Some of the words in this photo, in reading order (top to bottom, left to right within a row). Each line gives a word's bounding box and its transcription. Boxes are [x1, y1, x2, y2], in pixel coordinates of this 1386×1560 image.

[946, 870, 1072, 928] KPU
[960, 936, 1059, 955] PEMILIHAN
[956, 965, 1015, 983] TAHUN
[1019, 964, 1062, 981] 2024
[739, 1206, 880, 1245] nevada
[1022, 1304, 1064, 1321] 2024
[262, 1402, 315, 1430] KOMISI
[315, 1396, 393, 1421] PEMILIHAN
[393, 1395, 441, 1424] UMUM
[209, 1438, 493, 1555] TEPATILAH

TASK: Repeat every entry exactly, please.

WRITTEN ANSWER:
Some of the words in this photo, in reading order (top to bottom, left to right within a row). Each line gives a word's bounding box and its transcription. Boxes are [x1, y1, x2, y2], in pixel coordinates of this 1386×1560 image.

[946, 870, 1072, 928] KPU
[960, 936, 1059, 955] PEMILIHAN
[956, 965, 1015, 983] TAHUN
[1019, 964, 1062, 981] 2024
[739, 1206, 880, 1245] nevada
[1022, 1304, 1064, 1321] 2024
[262, 1402, 315, 1430] KOMISI
[315, 1396, 393, 1421] PEMILIHAN
[393, 1395, 441, 1424] UMUM
[209, 1438, 493, 1555] TEPATILAH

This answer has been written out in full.